TREASURIES-U.S. bond prices edge down after 2-year note sale

Mon Oct 28, 2013 3:01pm EDT

Related Topics

* U.S. Treasury sells $32 bln two-year notes, high yield
0.323 pct
    * Smallest monthly two-year auction in over five years
    * Fed buys $5.08 billion government bonds due 2017-18


    By Richard Leong and Luciana Lopez
    NEW YORK, Oct 28 (Reuters) - Prices for U.S. Treasuries
edged slightly lower on Monday as investors made room for this
week's $96 billion in longer-dated government debt supply, with
yields hovering near three-month lows.
    The Treasury on Monday kicked off the week's supply with the
sale of $32 billion in two-year notes at a high yield of 0.323
percent, with the highest bid-to-cover ratio in six months.
  
    "The auction was very well bid," said Thomas Simons, a money
market economist at Jefferies & Co in New York.
    Monday's auction was the smallest monthly supply of this
maturity since August 2008.
    The government began reducing the size of its two-year
auctions in August as a result of lower borrowing needs and
ahead of introducing two-year floating-rate debt in early 2014.
    The two-year auction will be followed by a $35 billion sale
of five-year notes on Tuesday and a $29 billion auction of
seven-year notes on Wednesday.    
    Traders and analysts anticipated solid demand for this
week's sales on views the Federal Reserve will keep buying bonds
at its current pace to prop up the economy, which was weakened
by this month's 16-day partial government shutdown.
    "The prevalent opinion of the market is the Fed is on hold
with tapering until 2014," said Mike Cullinane, head of
Treasuries trading at D.A. Davidson at St.
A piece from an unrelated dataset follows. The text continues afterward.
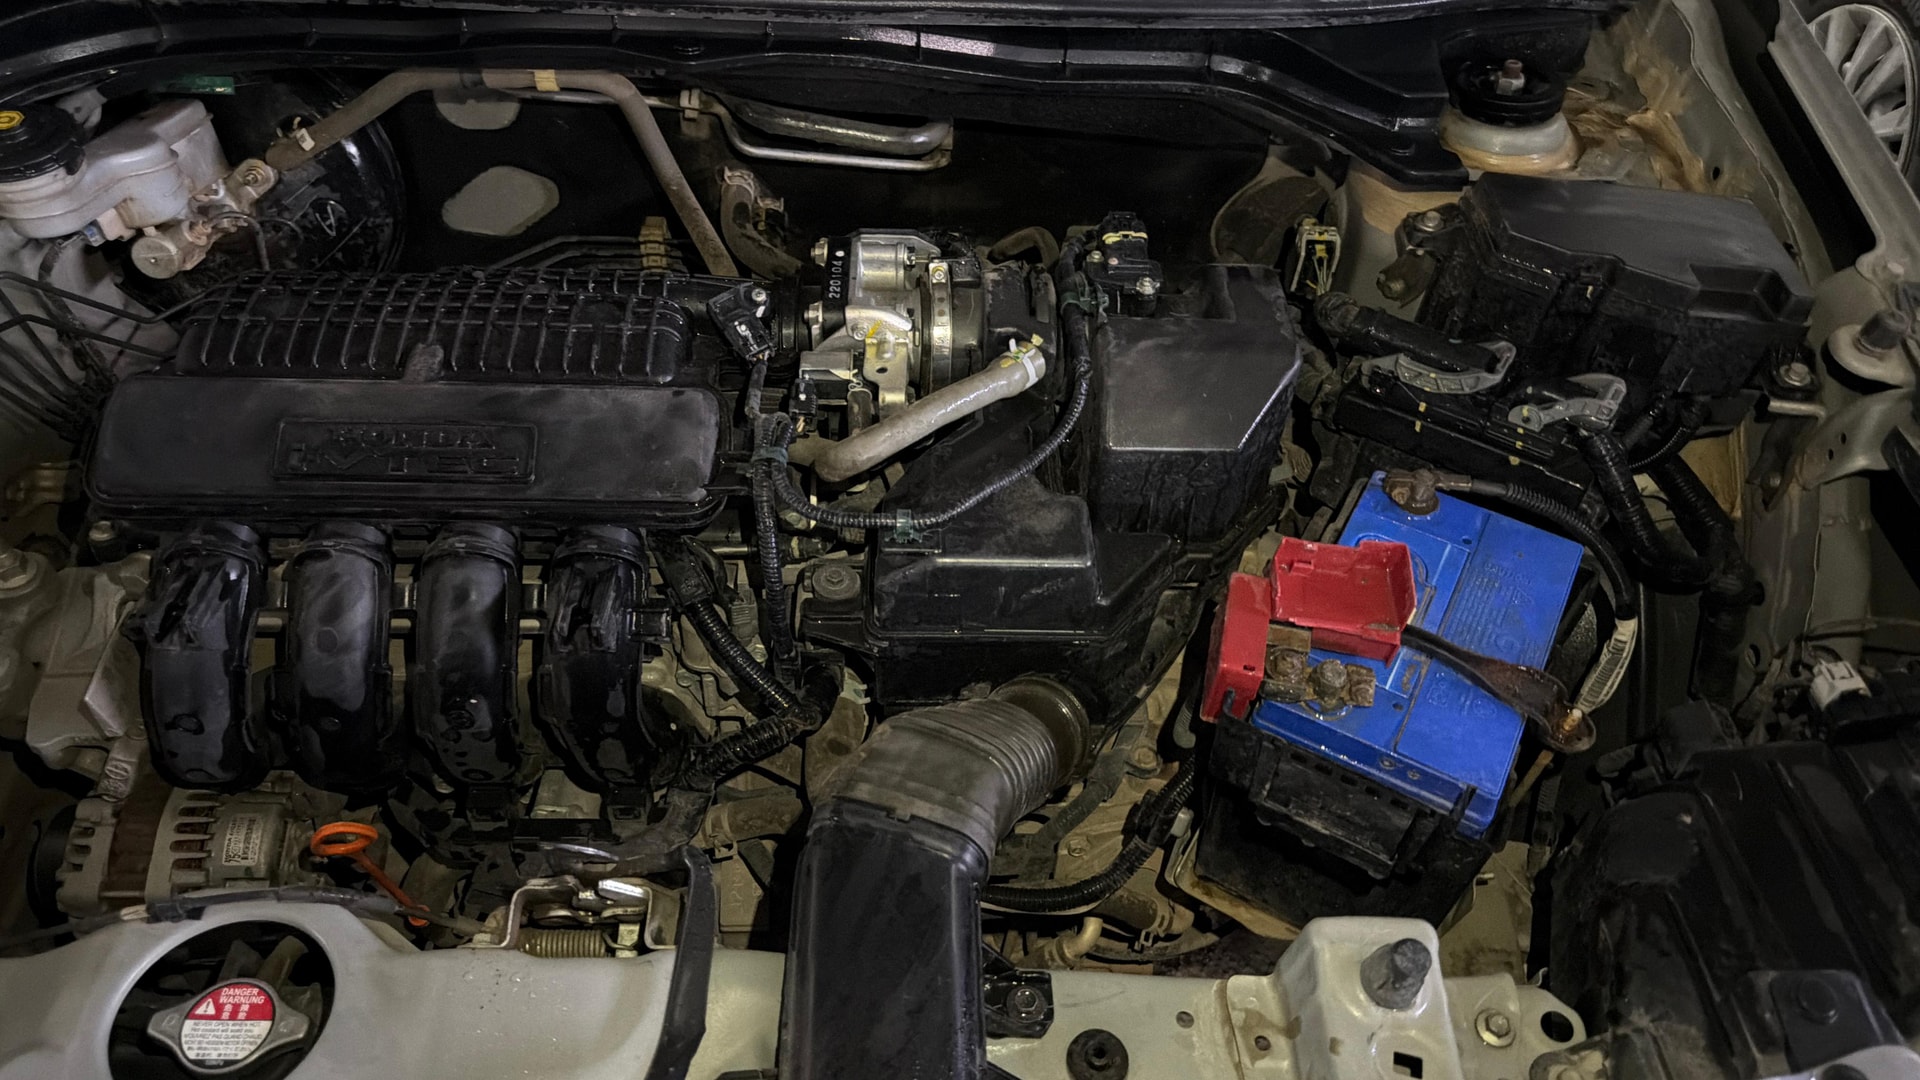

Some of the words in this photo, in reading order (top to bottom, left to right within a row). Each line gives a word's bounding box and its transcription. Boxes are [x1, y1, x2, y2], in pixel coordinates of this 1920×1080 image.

[828, 260, 843, 299] 220104
[221, 987, 259, 995] DANGER
[219, 995, 265, 1004] WARNUNG
Petersburg, Florida.
"This week's supply should be well-received."
    Fed policymakers will meet on Tuesday and Wednesday. They
surprised investors last month when they refrained from 
reducing their $85 billion of monthly purchases of Treasuries
and mortgage-backed securities, known as QE3. The decision
spurred a bond market rally, sending the 10-year yield down some
50 basis points from a 25-month high of 3 percent.
    The Fed on Monday bought $5.08 billion of Treasuries
maturing October 2017 to June 2018 as its latest QE3 purchase.
 
    With the Fed likely to assure investors that the current QE3
purchases will stay in place in coming months, traders and
analysts said benchmark yields will likely bounce within a tight
range, at least until the next non-farm payrolls report, due on
Nov. 8.
    "This lends itself to a rangebound market," said Cullinane,
who expects the 10-year yield to trade 2.45 percent to 2.65
percent in the near term.
    The government has released economic data that were delayed
due to the shutdown after President Barack Obama and Congress
reached a last-minute deal on Oct. 16 to temporarily fund
federal spending and raise the debt ceiling through early 2014.
    U.S. factory output grew 0.6 percent in September, its
largest monthly increase since February, the Fed reported on
Monday. 
    On the open market, 10-year Treasury notes were
trading 2/32 lower in price to yield 2.509 percent from 2.503
percent on Friday. 
    The 10-year yield touched a three-month low of 2.471 percent
last week after disappointing September jobs figures.